David Adam, environment correspondent
The Guardian, Wednesday April 9 2008


Rising food prices could spark worldwide unrest and threaten political stability, the UN's top humanitarian official warned yesterday after two days of rioting in Egypt over the doubling of prices of basic foods in a year and protests in other parts of the world.

Sir John Holmes, undersecretary general for humanitarian affairs and the UN's emergency relief coordinator, told a conference in Dubai that escalating prices would trigger protests and riots in vulnerable nations. He said food scarcity and soaring fuel prices would compound the damaging effects of global warming. Prices have risen 40% on average globally since last summer.

"The security implications should also not be underestimated as food riots are already being reported across the globe," Holmes said. "Current food price trends are likely to increase sharply both the incidence and depth of food insecurity."

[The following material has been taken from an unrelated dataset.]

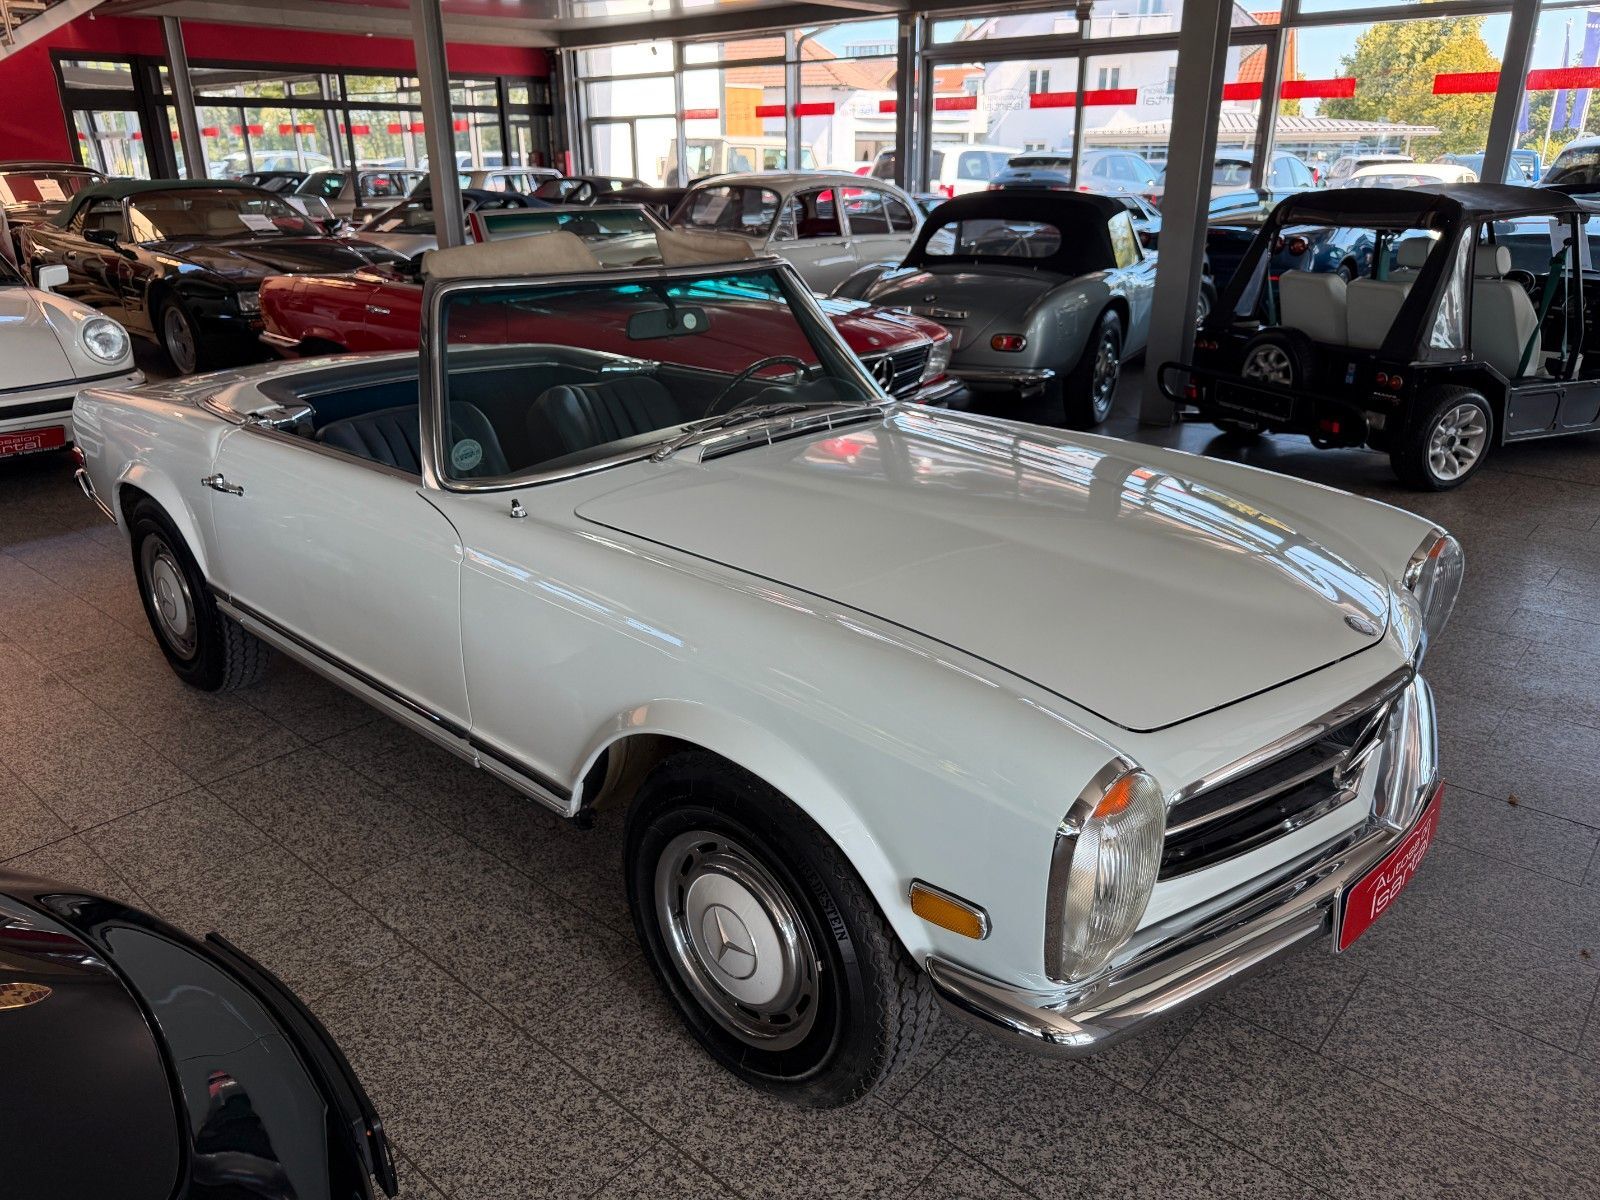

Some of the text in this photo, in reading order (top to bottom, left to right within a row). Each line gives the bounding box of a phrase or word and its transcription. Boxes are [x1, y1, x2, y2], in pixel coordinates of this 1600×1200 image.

[0, 437, 41, 453] rtal
[1370, 826, 1432, 919] Isartal
[1375, 818, 1431, 891] Autosaon
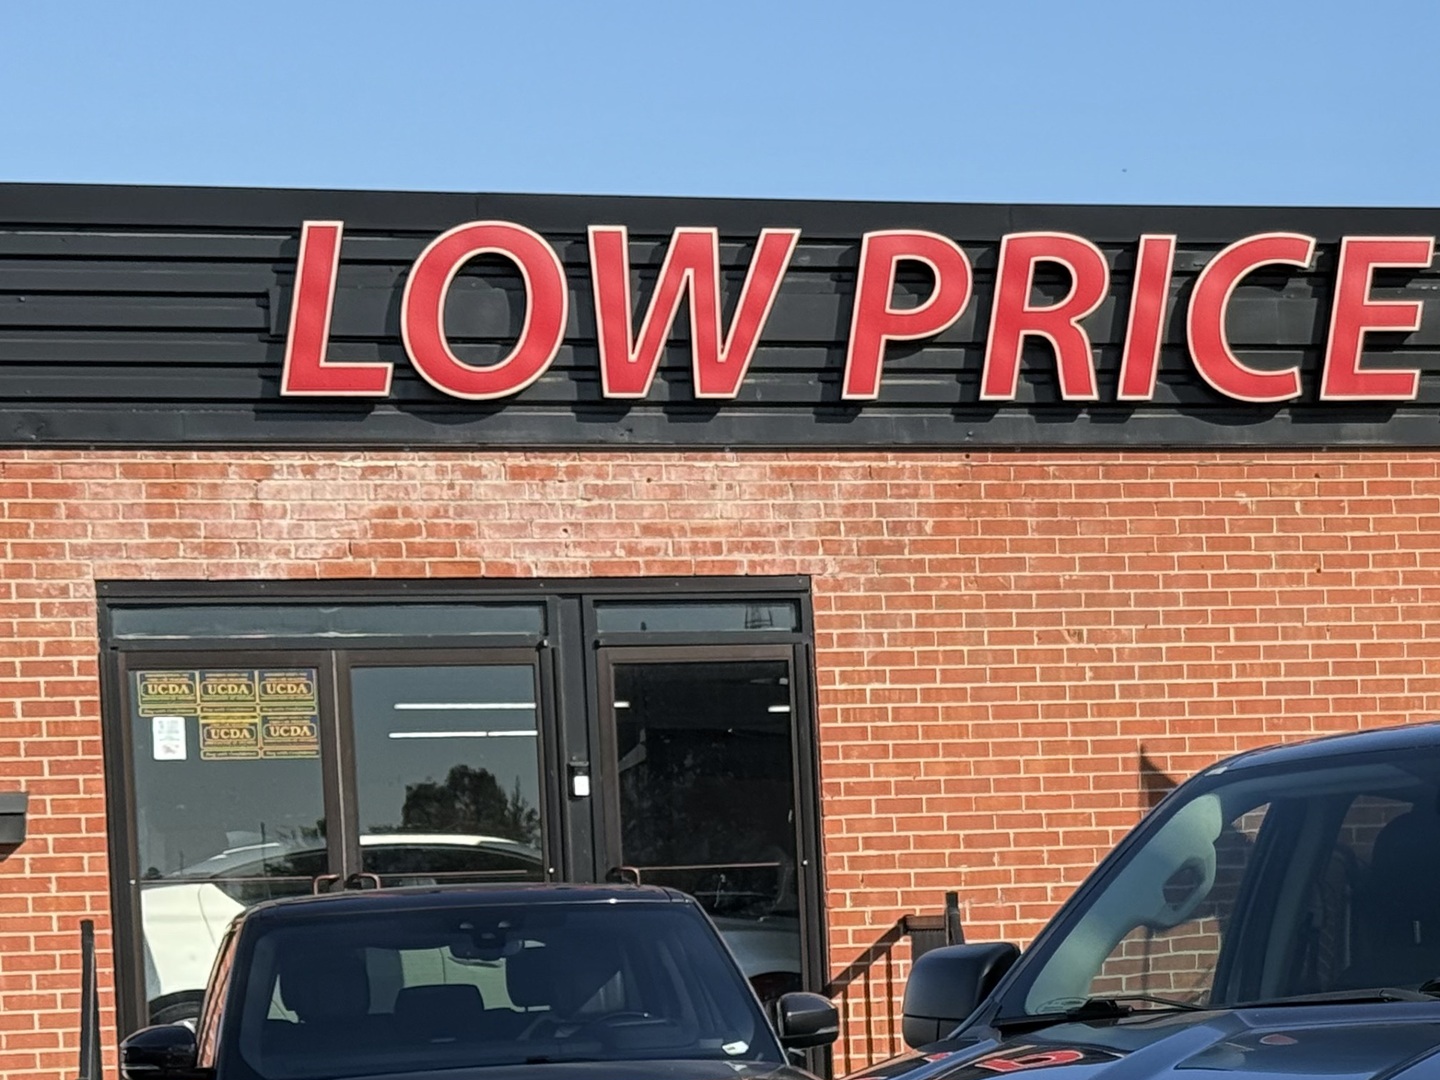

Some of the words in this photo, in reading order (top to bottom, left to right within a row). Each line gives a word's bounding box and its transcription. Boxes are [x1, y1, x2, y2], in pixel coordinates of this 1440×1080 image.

He added that the biggest challenge to humanitarian work is climate change, which has doubled the number of disasters from an average of 200 a year to 400 a year in the past two decades.

As well as this week's violence in Egypt, the rising cost and scarcity of food has been blamed for:

· Riots in Haiti last week that killed four people

· Violent protests in Ivory Coast

· Price riots in Cameroon in February that left 40 people dead

· Heated demonstrations in Mauritania, Mozambique and Senegal

· Protests in Uzbekistan, Yemen, Bolivia and Indonesia

UN staff in Jordan also went on strike for a day this week to demand a pay rise in the face of a 50% hike in prices, while Asian countries such as Cambodia, China, Vietnam, India and Pakistan have curbed rice exports to ensure supplies for their own residents. ......(more)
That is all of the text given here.